_Phrase grounding data_.

______________________________

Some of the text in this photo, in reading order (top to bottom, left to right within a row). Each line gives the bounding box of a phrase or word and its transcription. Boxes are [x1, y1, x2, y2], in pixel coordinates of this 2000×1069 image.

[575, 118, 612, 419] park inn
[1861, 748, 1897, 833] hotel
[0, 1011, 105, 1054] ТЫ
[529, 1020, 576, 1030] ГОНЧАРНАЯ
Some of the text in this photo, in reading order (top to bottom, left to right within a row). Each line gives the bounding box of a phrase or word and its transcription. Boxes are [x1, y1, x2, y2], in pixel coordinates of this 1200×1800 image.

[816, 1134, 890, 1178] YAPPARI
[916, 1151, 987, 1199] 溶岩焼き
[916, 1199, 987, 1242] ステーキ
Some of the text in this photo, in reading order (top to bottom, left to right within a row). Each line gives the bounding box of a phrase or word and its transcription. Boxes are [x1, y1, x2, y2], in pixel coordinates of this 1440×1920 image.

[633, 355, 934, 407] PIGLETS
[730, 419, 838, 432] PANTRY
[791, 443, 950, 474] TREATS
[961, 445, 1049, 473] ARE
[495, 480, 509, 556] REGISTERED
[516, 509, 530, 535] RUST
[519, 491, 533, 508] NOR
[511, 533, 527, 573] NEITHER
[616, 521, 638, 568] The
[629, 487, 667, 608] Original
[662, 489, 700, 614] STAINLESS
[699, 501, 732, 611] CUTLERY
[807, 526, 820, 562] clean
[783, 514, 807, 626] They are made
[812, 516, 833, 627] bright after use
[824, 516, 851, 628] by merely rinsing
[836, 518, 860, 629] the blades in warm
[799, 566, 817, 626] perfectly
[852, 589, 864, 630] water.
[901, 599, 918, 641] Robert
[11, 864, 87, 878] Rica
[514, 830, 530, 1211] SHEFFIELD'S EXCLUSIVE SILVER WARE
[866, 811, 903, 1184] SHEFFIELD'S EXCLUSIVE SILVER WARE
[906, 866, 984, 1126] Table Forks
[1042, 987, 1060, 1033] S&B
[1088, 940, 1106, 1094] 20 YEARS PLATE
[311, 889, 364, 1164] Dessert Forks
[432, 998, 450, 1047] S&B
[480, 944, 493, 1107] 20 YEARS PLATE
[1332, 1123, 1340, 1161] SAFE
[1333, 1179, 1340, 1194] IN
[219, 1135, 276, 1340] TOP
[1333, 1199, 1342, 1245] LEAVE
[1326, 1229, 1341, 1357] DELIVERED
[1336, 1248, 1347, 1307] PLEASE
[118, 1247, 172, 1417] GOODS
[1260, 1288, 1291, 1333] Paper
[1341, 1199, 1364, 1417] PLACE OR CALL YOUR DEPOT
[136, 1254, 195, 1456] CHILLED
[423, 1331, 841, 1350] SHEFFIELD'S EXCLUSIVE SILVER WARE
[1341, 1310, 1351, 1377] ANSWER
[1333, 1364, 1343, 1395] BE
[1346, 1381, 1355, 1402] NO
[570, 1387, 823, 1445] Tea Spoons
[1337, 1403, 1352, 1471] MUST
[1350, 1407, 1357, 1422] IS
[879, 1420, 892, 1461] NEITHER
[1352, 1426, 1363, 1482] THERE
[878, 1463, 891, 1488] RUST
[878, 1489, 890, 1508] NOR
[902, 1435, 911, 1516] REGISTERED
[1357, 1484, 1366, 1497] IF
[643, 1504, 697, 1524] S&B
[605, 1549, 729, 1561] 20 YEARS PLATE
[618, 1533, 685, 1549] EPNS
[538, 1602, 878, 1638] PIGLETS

______________________________

_WHAT TO PRODUCE_. All of the data above is to be transcribed without alteration.

_RESPONSE BOX_.
Some of the text in this photo, in reading order (top to bottom, left to right within a row). Each line gives the bounding box of a phrase or word and its transcription. Boxes are [x1, y1, x2, y2], in pixel coordinates of this 2000×1069 image.

[575, 118, 612, 419] park inn
[1861, 748, 1897, 833] hotel
[0, 1011, 105, 1054] ТЫ
[529, 1020, 576, 1030] ГОНЧАРНАЯ
Some of the text in this photo, in reading order (top to bottom, left to right within a row). Each line gives the bounding box of a phrase or word and its transcription. Boxes are [x1, y1, x2, y2], in pixel coordinates of this 1200×1800 image.

[816, 1134, 890, 1178] YAPPARI
[916, 1151, 987, 1199] 溶岩焼き
[916, 1199, 987, 1242] ステーキ
Some of the text in this photo, in reading order (top to bottom, left to right within a row). Each line gives the bounding box of a phrase or word and its transcription. Boxes are [x1, y1, x2, y2], in pixel coordinates of this 1440×1920 image.

[633, 355, 934, 407] PIGLETS
[730, 419, 838, 432] PANTRY
[791, 443, 950, 474] TREATS
[961, 445, 1049, 473] ARE
[495, 480, 509, 556] REGISTERED
[516, 509, 530, 535] RUST
[519, 491, 533, 508] NOR
[511, 533, 527, 573] NEITHER
[616, 521, 638, 568] The
[629, 487, 667, 608] Original
[662, 489, 700, 614] STAINLESS
[699, 501, 732, 611] CUTLERY
[807, 526, 820, 562] clean
[783, 514, 807, 626] They are made
[812, 516, 833, 627] bright after use
[824, 516, 851, 628] by merely rinsing
[836, 518, 860, 629] the blades in warm
[799, 566, 817, 626] perfectly
[852, 589, 864, 630] water.
[901, 599, 918, 641] Robert
[11, 864, 87, 878] Rica
[514, 830, 530, 1211] SHEFFIELD'S EXCLUSIVE SILVER WARE
[866, 811, 903, 1184] SHEFFIELD'S EXCLUSIVE SILVER WARE
[906, 866, 984, 1126] Table Forks
[1042, 987, 1060, 1033] S&B
[1088, 940, 1106, 1094] 20 YEARS PLATE
[311, 889, 364, 1164] Dessert Forks
[432, 998, 450, 1047] S&B
[480, 944, 493, 1107] 20 YEARS PLATE
[1332, 1123, 1340, 1161] SAFE
[1333, 1179, 1340, 1194] IN
[219, 1135, 276, 1340] TOP
[1333, 1199, 1342, 1245] LEAVE
[1326, 1229, 1341, 1357] DELIVERED
[1336, 1248, 1347, 1307] PLEASE
[118, 1247, 172, 1417] GOODS
[1260, 1288, 1291, 1333] Paper
[1341, 1199, 1364, 1417] PLACE OR CALL YOUR DEPOT
[136, 1254, 195, 1456] CHILLED
[423, 1331, 841, 1350] SHEFFIELD'S EXCLUSIVE SILVER WARE
[1341, 1310, 1351, 1377] ANSWER
[1333, 1364, 1343, 1395] BE
[1346, 1381, 1355, 1402] NO
[570, 1387, 823, 1445] Tea Spoons
[1337, 1403, 1352, 1471] MUST
[1350, 1407, 1357, 1422] IS
[879, 1420, 892, 1461] NEITHER
[1352, 1426, 1363, 1482] THERE
[878, 1463, 891, 1488] RUST
[878, 1489, 890, 1508] NOR
[902, 1435, 911, 1516] REGISTERED
[1357, 1484, 1366, 1497] IF
[643, 1504, 697, 1524] S&B
[605, 1549, 729, 1561] 20 YEARS PLATE
[618, 1533, 685, 1549] EPNS
[538, 1602, 878, 1638] PIGLETS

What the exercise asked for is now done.